▸ Work required
A word-for-word copy of the entries, with the images left out, is what you should write.

Saved data entries:
* * * *
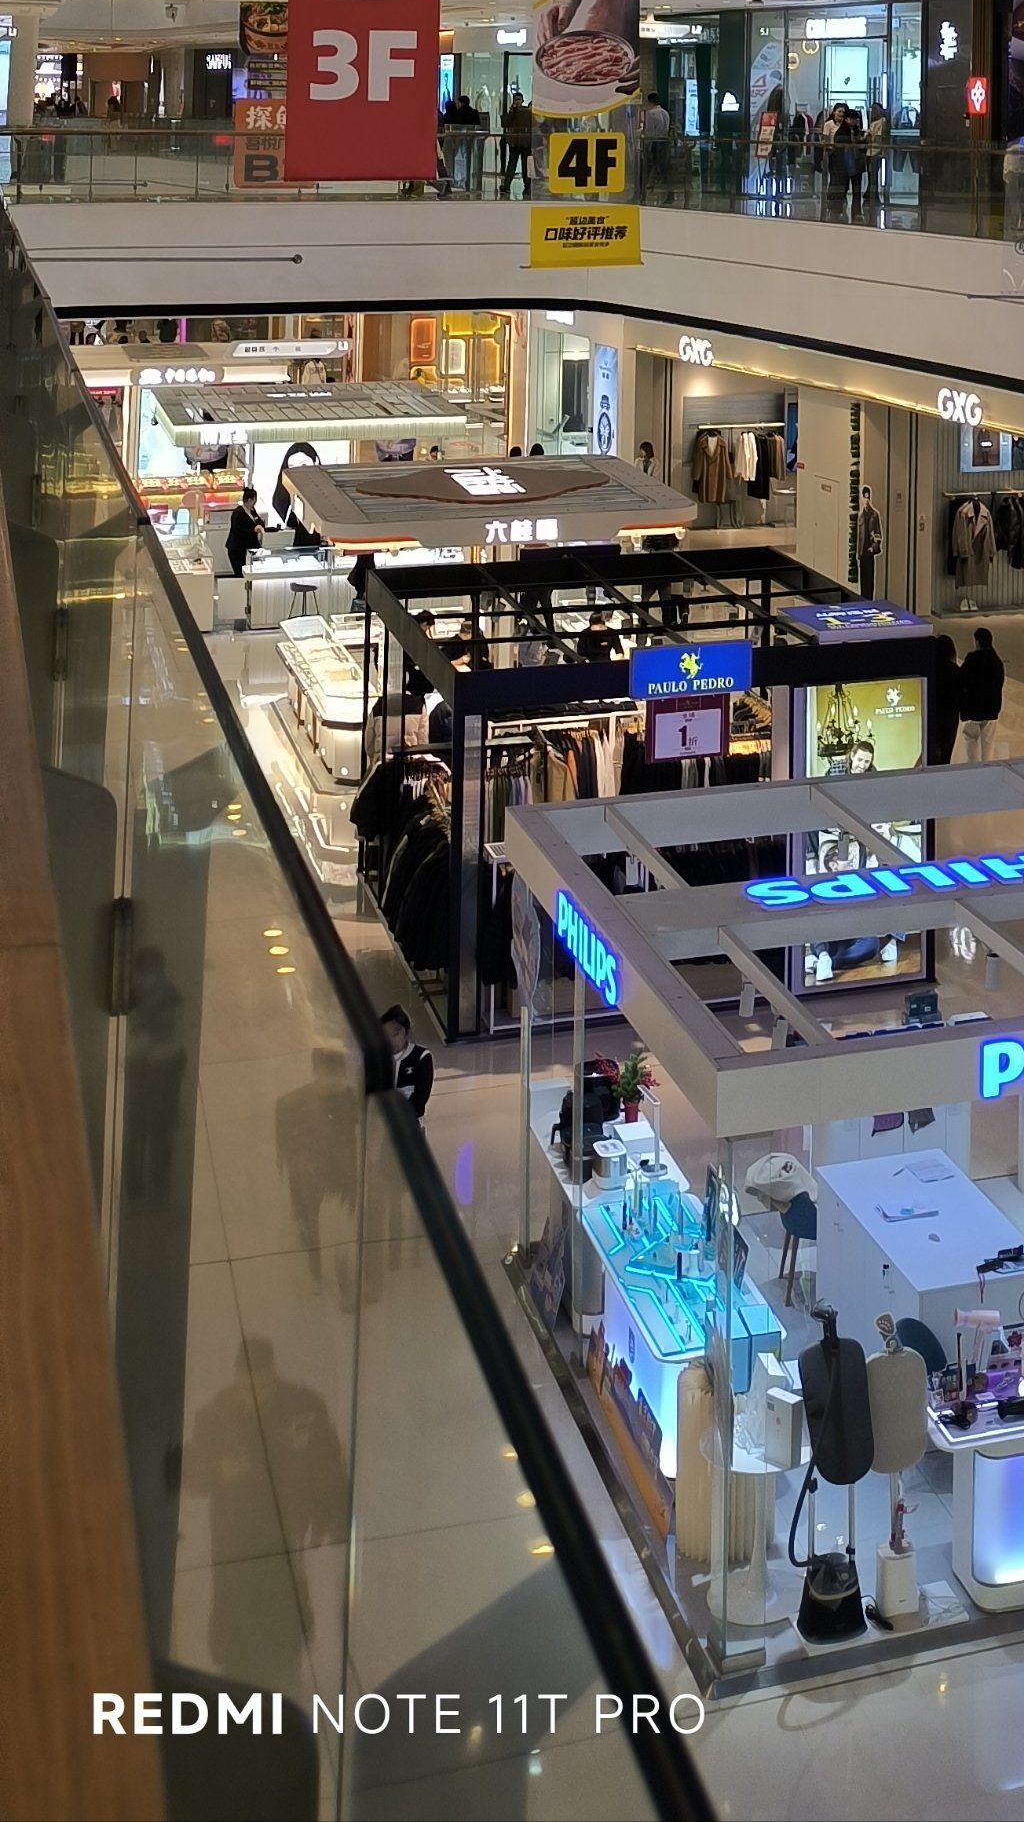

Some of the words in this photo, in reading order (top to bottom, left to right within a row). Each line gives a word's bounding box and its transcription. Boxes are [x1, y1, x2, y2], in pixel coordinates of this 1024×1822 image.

[309, 29, 418, 102] 3F
[558, 138, 618, 187] 4F
[544, 225, 628, 241] 口味好评推荐
[679, 335, 714, 367] GXG
[937, 388, 983, 426] GXG
[648, 680, 688, 695] PAULO
[693, 676, 735, 691] PEDRO
[557, 891, 618, 1006] PHILIPS
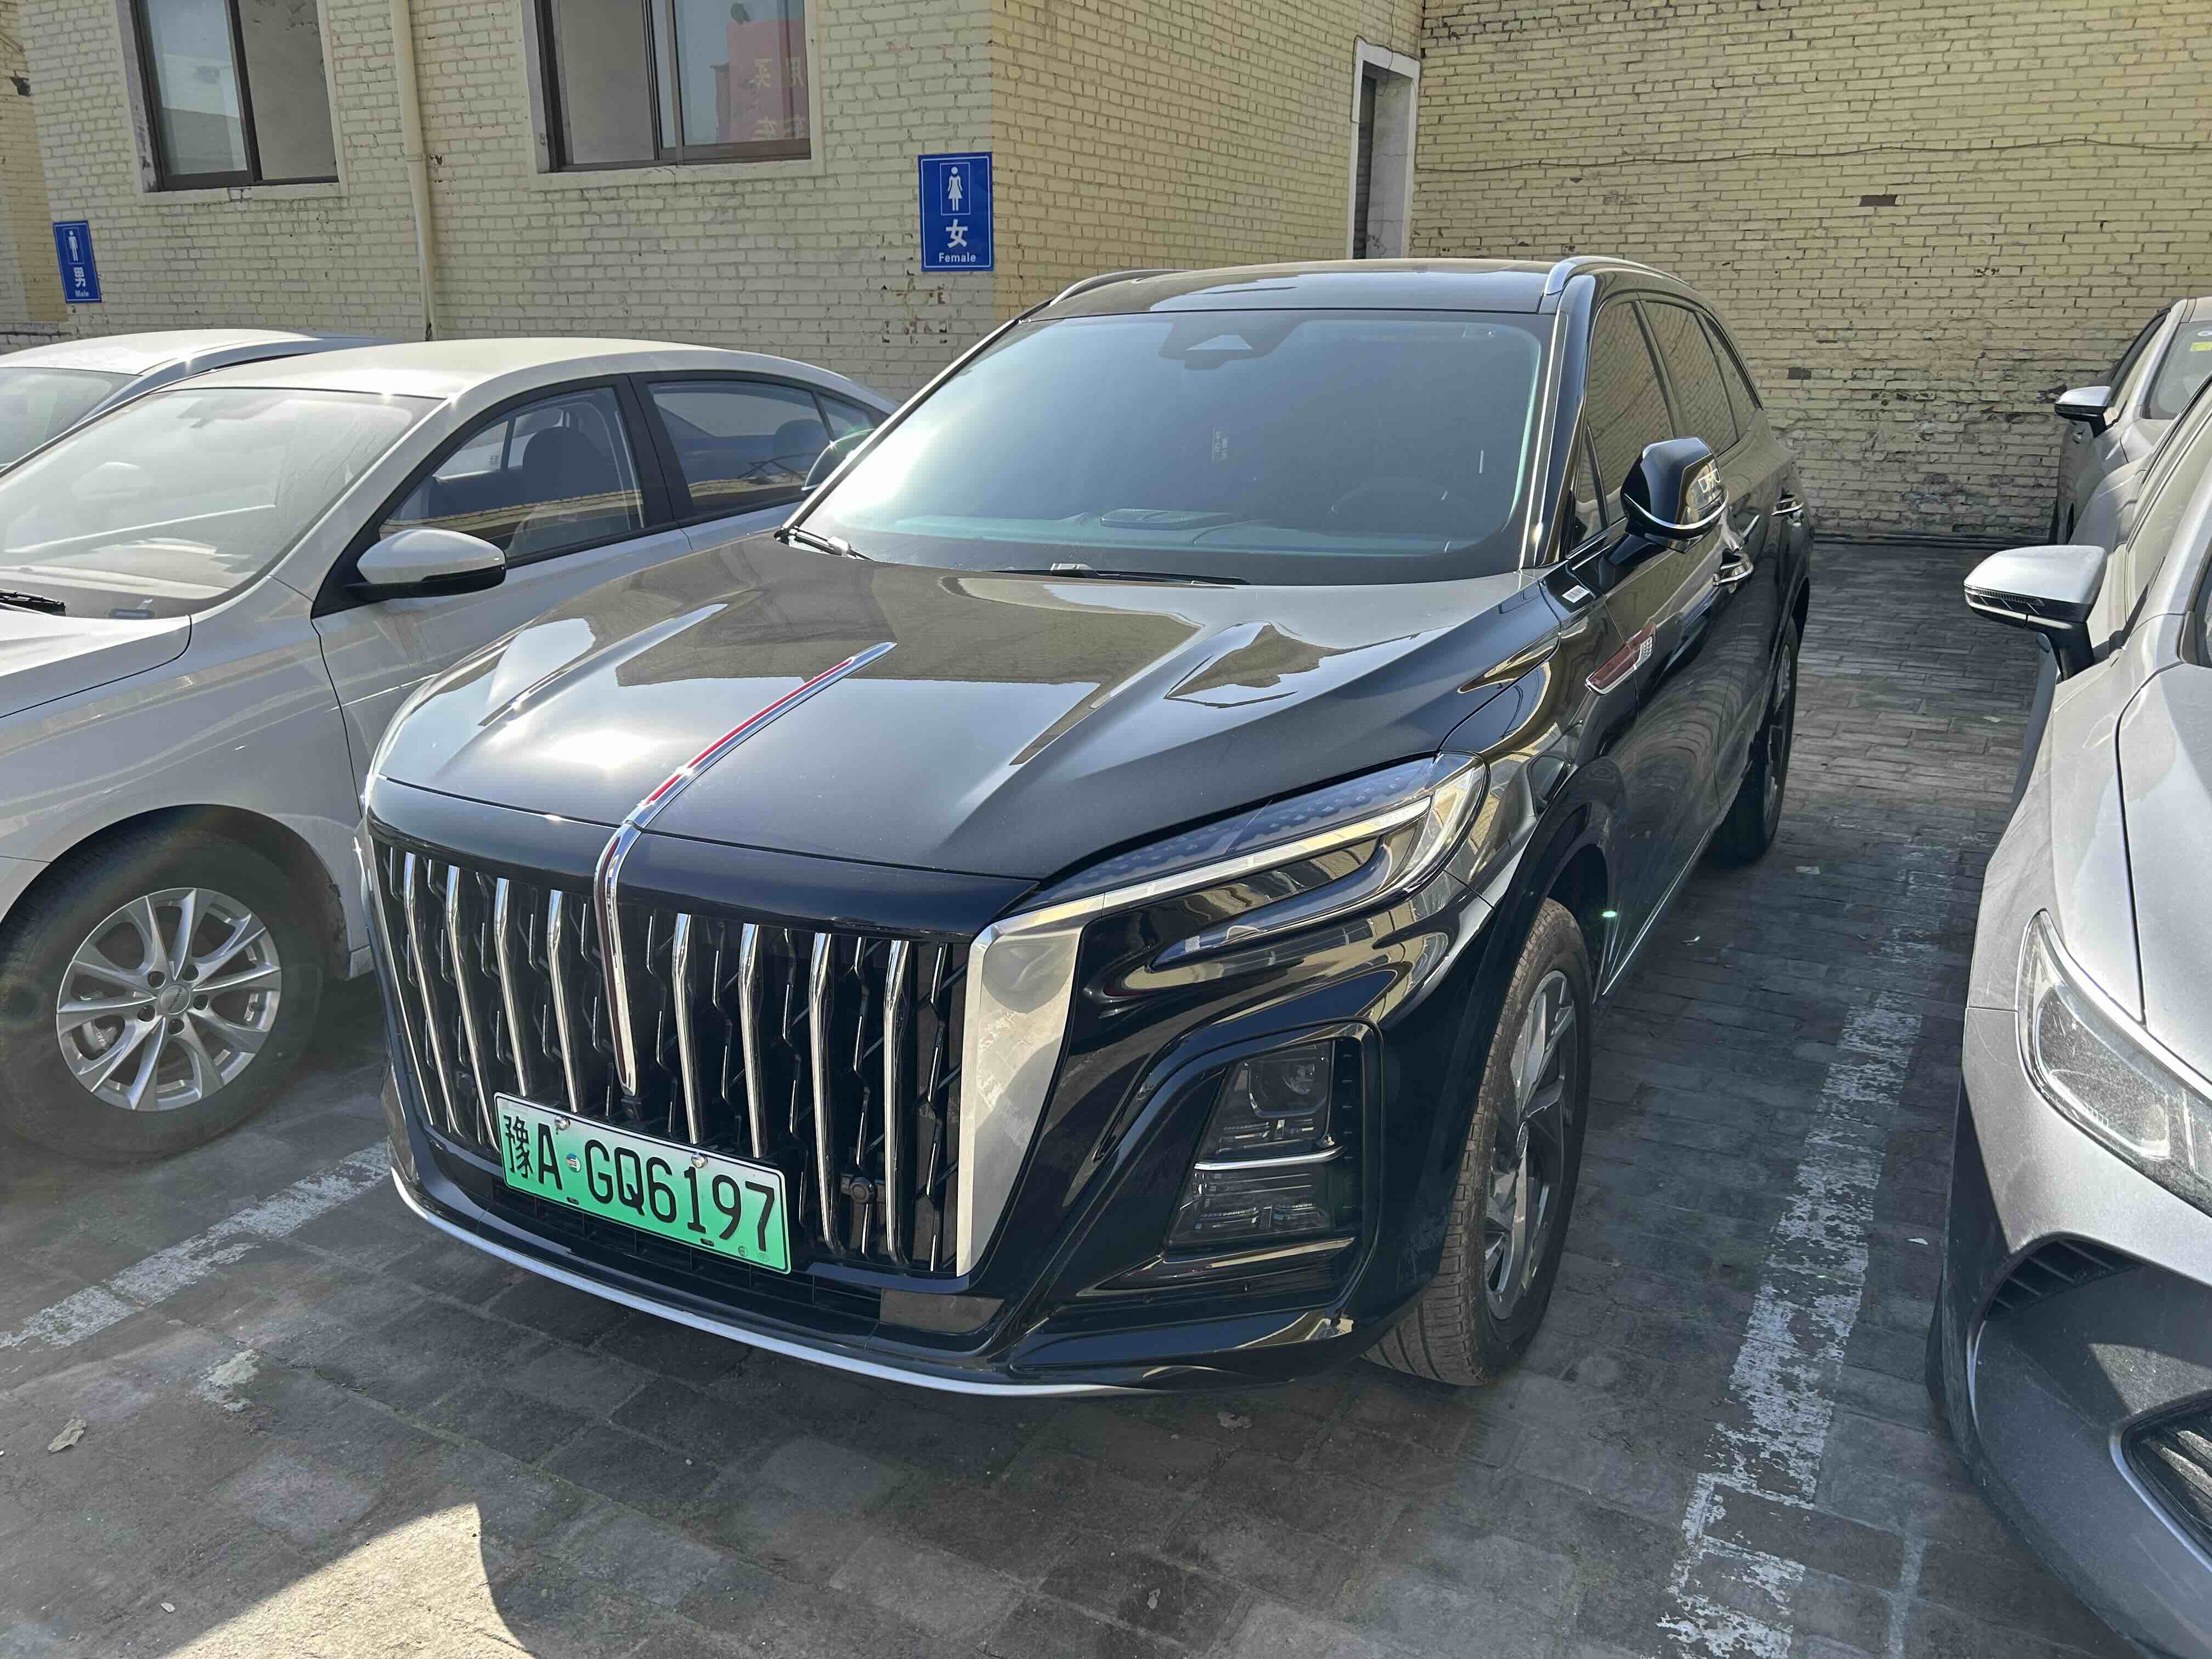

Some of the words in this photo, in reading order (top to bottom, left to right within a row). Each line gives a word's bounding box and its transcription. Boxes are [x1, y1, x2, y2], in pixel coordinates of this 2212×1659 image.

[945, 219, 968, 248] 女
[939, 252, 976, 262] Female
[74, 267, 86, 287] 男
* * * *
▸ Written answer
Some of the words in this photo, in reading order (top to bottom, left to right within a row). Each line gives a word's bounding box and its transcription. Boxes are [x1, y1, x2, y2], in pixel coordinates of this 1024×1822 image.

[309, 29, 418, 102] 3F
[558, 138, 618, 187] 4F
[544, 225, 628, 241] 口味好评推荐
[679, 335, 714, 367] GXG
[937, 388, 983, 426] GXG
[648, 680, 688, 695] PAULO
[693, 676, 735, 691] PEDRO
[557, 891, 618, 1006] PHILIPS

Some of the words in this photo, in reading order (top to bottom, left to right within a row). Each line gives a word's bounding box and its transcription. Boxes are [x1, y1, x2, y2], in pixel coordinates of this 2212×1659 image.

[945, 219, 968, 248] 女
[939, 252, 976, 262] Female
[74, 267, 86, 287] 男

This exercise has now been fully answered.